## [Work instruction]
Set down the entries below exactly; drop the pictures.

--*--

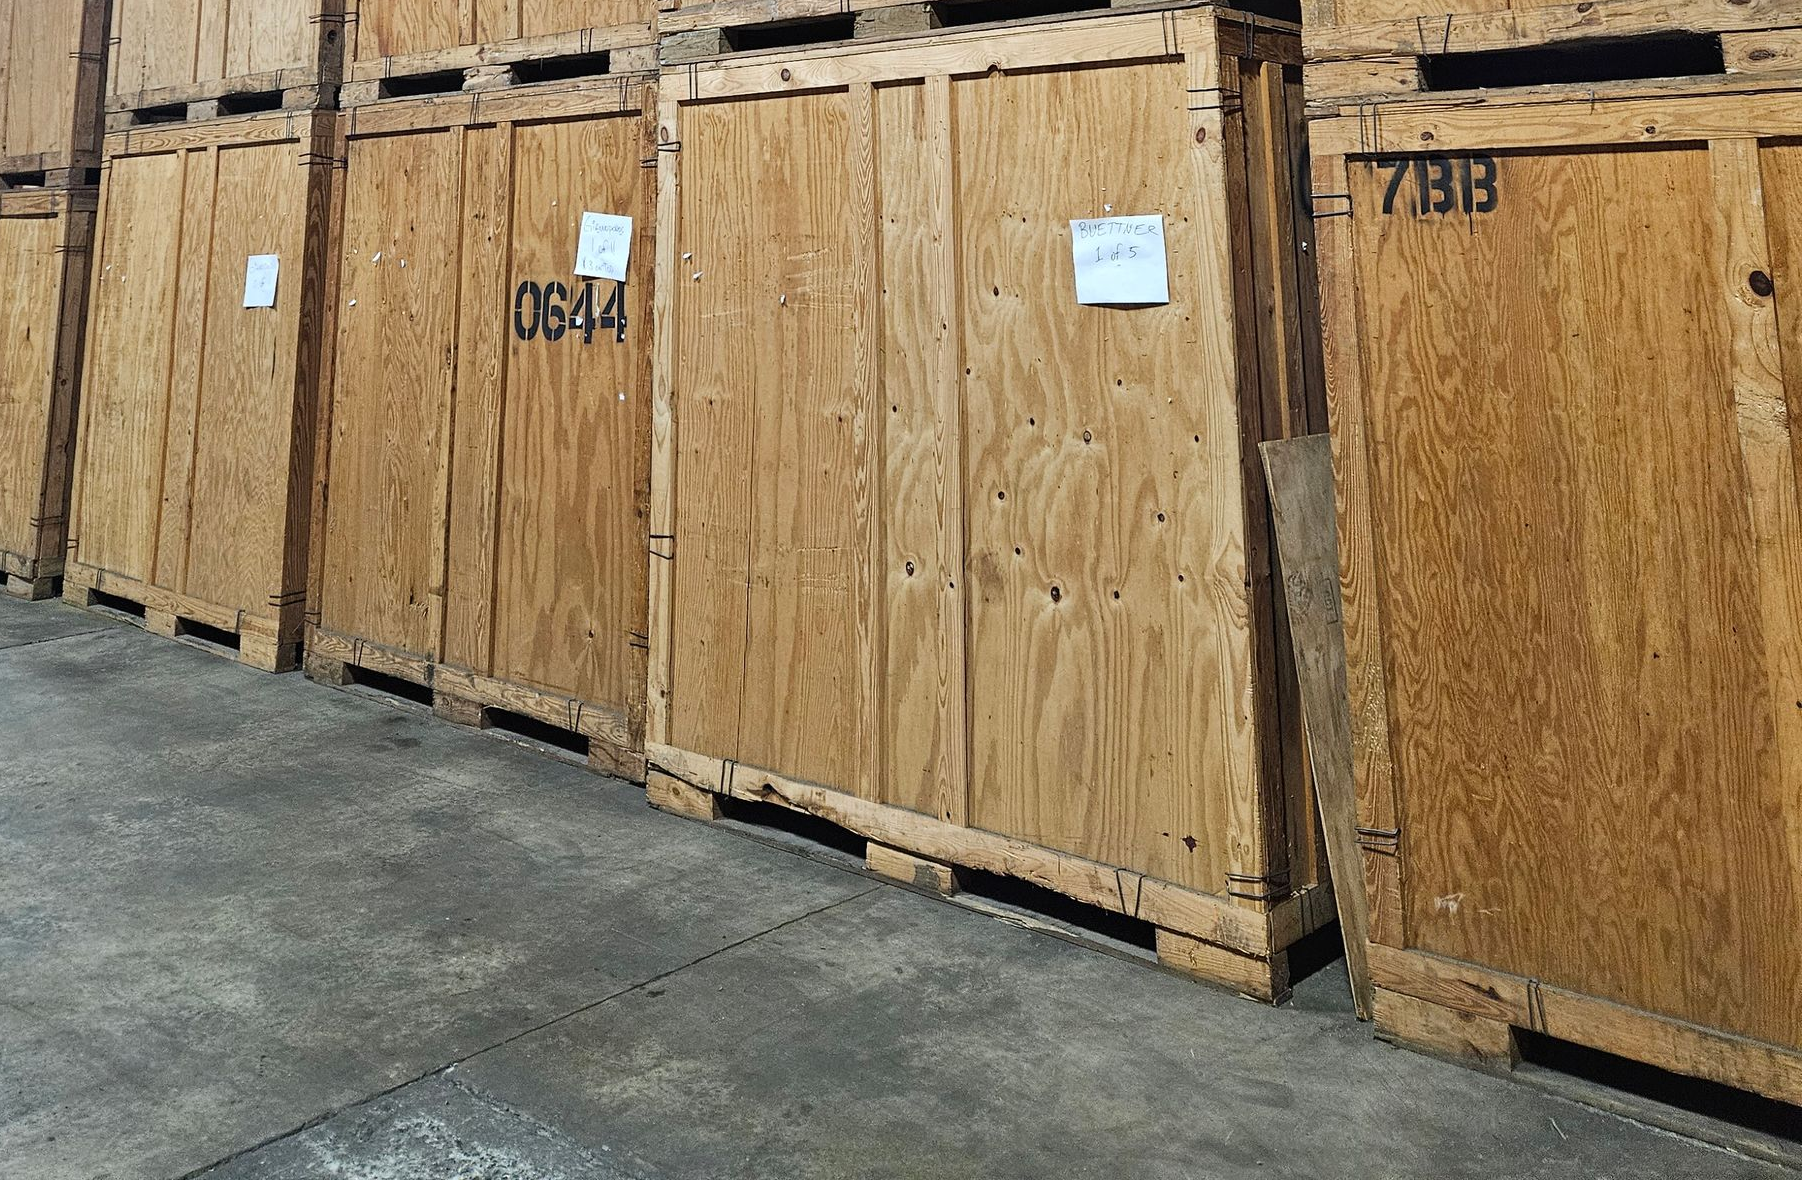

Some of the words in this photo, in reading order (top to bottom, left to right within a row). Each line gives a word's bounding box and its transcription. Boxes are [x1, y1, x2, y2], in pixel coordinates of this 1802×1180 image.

[1377, 155, 1498, 216] 7BB
[1078, 221, 1159, 239] BUETTNER
[1094, 246, 1104, 263] 1
[1110, 242, 1123, 262] of
[1128, 245, 1141, 259] 5
[514, 280, 627, 344] 0644

--*--

## [Solution to the exercise]
Some of the words in this photo, in reading order (top to bottom, left to right within a row). Each line gives a word's bounding box and its transcription. Boxes are [x1, y1, x2, y2], in pixel coordinates of this 1802×1180 image.

[1377, 155, 1498, 216] 7BB
[1078, 221, 1159, 239] BUETTNER
[1094, 246, 1104, 263] 1
[1110, 242, 1123, 262] of
[1128, 245, 1141, 259] 5
[514, 280, 627, 344] 0644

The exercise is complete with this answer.